#### Your objective
Apart from the images, output the data below exactly.

>>>

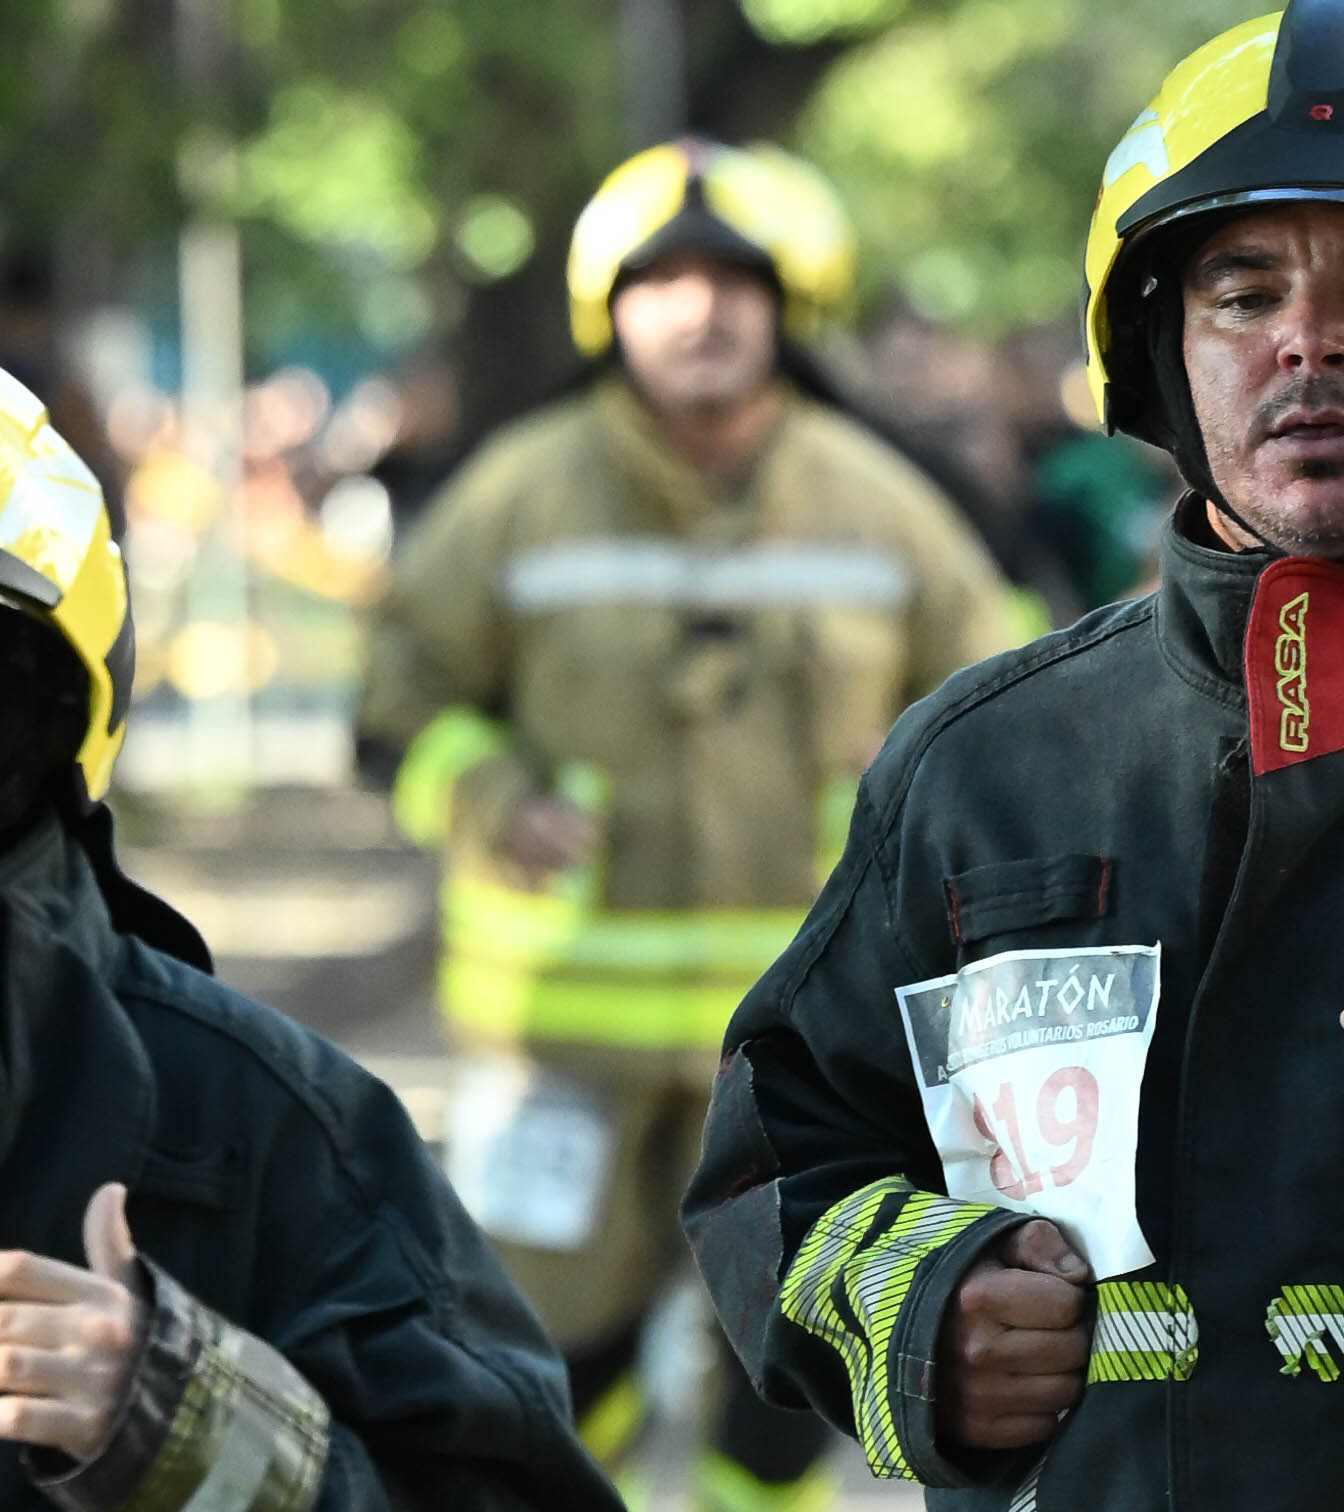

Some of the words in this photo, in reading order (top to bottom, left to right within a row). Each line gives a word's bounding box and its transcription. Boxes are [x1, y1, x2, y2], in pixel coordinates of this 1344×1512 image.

[1275, 592, 1309, 752] RASA
[959, 964, 1115, 1036] MARATÓN
[1007, 1024, 1084, 1051] VOLUNTARIOS
[1087, 1015, 1139, 1037] ROSARIO

<<<

#### Reply to the exercise
Some of the words in this photo, in reading order (top to bottom, left to right within a row). Each line gives a word's bounding box and its transcription. Boxes are [x1, y1, x2, y2], in pixel coordinates of this 1344×1512 image.

[1275, 592, 1309, 752] RASA
[959, 964, 1115, 1036] MARATÓN
[1007, 1024, 1084, 1051] VOLUNTARIOS
[1087, 1015, 1139, 1037] ROSARIO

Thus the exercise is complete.